Input data: Begin

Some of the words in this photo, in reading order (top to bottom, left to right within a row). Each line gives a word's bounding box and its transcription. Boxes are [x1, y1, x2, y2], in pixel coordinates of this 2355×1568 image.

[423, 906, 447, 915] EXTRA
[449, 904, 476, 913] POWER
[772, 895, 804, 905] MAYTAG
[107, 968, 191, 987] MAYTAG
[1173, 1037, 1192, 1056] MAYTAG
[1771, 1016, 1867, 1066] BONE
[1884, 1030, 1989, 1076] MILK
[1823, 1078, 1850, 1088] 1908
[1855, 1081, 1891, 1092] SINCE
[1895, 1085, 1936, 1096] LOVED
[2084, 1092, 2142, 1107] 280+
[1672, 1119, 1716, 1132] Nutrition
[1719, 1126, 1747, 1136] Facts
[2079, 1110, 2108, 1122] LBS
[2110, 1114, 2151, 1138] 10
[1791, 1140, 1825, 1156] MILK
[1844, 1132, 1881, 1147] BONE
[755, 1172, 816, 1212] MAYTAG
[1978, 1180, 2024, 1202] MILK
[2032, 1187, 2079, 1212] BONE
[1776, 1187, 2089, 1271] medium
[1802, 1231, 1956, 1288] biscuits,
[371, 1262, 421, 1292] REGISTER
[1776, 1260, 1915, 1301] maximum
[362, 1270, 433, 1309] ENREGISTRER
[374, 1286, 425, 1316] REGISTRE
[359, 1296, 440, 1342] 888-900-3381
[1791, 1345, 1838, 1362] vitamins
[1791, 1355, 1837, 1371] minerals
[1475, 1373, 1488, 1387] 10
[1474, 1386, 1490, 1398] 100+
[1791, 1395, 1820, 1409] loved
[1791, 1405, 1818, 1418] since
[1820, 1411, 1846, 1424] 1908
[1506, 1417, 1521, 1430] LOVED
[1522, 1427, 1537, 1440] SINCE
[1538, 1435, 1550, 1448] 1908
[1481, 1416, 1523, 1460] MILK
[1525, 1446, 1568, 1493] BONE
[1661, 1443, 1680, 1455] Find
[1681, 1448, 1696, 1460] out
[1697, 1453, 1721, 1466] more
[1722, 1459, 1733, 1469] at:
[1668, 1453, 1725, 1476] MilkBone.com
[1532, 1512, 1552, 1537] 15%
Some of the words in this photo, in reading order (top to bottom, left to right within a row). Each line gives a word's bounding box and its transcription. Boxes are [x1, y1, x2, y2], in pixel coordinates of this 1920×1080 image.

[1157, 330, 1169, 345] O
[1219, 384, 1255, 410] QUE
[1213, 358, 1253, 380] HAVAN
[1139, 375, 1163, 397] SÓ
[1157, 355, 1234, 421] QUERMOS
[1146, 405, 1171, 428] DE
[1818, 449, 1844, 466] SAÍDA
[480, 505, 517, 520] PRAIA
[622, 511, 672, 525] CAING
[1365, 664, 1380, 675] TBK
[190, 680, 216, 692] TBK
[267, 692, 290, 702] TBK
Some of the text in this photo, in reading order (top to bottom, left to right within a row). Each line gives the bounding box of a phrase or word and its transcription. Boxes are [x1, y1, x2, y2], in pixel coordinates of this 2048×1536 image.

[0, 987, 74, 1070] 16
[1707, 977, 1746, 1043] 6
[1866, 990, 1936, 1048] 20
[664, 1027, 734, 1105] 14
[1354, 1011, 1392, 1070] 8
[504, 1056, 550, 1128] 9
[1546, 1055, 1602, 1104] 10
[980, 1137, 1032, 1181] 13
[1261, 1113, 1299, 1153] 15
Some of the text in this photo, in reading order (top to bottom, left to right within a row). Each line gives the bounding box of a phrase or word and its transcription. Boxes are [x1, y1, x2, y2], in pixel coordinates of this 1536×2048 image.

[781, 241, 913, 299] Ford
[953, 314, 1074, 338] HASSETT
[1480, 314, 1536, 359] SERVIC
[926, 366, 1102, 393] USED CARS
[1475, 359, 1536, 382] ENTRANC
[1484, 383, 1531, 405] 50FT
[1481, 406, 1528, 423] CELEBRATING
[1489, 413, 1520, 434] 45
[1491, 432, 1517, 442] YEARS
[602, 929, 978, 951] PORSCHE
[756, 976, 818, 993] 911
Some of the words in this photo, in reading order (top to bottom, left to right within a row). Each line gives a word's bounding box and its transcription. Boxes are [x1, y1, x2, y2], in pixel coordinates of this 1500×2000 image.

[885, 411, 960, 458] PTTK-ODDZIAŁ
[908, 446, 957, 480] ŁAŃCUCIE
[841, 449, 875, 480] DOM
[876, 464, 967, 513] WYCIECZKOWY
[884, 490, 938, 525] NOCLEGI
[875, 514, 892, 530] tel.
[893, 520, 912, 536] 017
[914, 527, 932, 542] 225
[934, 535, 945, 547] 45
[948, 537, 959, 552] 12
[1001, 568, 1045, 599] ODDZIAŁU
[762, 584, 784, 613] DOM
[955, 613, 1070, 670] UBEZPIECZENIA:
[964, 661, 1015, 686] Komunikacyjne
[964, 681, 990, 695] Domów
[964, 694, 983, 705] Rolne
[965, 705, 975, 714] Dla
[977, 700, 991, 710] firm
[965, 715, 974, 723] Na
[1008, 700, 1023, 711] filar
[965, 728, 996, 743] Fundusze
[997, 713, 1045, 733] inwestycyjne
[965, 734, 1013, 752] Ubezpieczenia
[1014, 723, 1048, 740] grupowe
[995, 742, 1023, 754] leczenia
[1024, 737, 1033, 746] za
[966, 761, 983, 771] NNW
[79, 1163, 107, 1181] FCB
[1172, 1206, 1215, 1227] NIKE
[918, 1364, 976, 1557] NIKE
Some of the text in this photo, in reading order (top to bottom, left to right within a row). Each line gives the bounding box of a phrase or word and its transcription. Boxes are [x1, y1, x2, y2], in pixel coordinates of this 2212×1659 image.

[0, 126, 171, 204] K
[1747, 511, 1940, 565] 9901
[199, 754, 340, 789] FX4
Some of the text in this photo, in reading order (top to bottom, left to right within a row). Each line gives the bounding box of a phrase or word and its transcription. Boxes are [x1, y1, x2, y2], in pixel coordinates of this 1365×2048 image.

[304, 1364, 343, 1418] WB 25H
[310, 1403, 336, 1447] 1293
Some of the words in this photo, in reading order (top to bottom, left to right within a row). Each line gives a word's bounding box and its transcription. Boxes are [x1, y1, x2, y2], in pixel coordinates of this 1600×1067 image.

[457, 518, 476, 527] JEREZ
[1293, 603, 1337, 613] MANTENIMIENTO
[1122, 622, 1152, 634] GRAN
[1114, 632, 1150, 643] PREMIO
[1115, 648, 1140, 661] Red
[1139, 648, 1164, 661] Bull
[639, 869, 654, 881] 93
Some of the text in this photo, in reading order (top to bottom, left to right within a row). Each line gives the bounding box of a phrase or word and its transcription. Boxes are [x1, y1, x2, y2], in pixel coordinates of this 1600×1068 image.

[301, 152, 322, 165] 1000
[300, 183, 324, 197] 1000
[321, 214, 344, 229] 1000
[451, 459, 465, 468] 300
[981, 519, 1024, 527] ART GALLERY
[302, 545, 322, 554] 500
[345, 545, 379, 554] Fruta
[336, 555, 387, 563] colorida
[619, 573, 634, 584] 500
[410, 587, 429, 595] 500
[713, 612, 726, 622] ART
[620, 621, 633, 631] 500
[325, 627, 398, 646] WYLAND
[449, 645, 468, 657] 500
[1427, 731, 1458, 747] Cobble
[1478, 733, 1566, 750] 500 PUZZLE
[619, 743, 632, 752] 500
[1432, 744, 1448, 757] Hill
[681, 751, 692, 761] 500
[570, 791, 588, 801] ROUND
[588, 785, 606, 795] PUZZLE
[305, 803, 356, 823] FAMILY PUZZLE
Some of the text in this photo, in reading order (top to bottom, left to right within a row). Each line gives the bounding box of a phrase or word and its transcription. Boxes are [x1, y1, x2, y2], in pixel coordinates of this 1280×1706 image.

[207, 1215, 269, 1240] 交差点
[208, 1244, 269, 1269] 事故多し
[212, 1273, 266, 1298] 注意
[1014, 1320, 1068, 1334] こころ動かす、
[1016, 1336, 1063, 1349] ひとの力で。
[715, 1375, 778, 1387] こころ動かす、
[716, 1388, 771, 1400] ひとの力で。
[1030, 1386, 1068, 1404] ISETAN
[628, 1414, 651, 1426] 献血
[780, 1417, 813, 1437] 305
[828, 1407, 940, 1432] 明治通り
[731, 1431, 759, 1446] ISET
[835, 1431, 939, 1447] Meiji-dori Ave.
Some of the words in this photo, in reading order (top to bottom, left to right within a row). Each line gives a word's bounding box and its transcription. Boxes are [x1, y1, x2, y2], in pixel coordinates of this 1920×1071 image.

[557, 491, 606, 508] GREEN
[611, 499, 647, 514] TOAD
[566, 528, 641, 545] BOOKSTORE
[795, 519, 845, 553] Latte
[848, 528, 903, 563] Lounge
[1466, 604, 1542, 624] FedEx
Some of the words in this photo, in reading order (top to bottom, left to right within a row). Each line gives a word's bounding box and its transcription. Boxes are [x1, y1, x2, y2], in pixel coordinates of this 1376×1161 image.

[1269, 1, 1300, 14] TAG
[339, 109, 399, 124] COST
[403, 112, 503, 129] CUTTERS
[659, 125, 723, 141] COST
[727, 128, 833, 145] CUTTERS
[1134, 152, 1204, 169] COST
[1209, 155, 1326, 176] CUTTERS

Input data: End

The answer should consist only of the lines from the line containing "this 1376×1161 image." through the final line of the listing above, reproduced exactly.

Some of the words in this photo, in reading order (top to bottom, left to right within a row). Each line gives a word's bounding box and its transcription. Boxes are [x1, y1, x2, y2], in pixel coordinates of this 1376×1161 image.

[1269, 1, 1300, 14] TAG
[339, 109, 399, 124] COST
[403, 112, 503, 129] CUTTERS
[659, 125, 723, 141] COST
[727, 128, 833, 145] CUTTERS
[1134, 152, 1204, 169] COST
[1209, 155, 1326, 176] CUTTERS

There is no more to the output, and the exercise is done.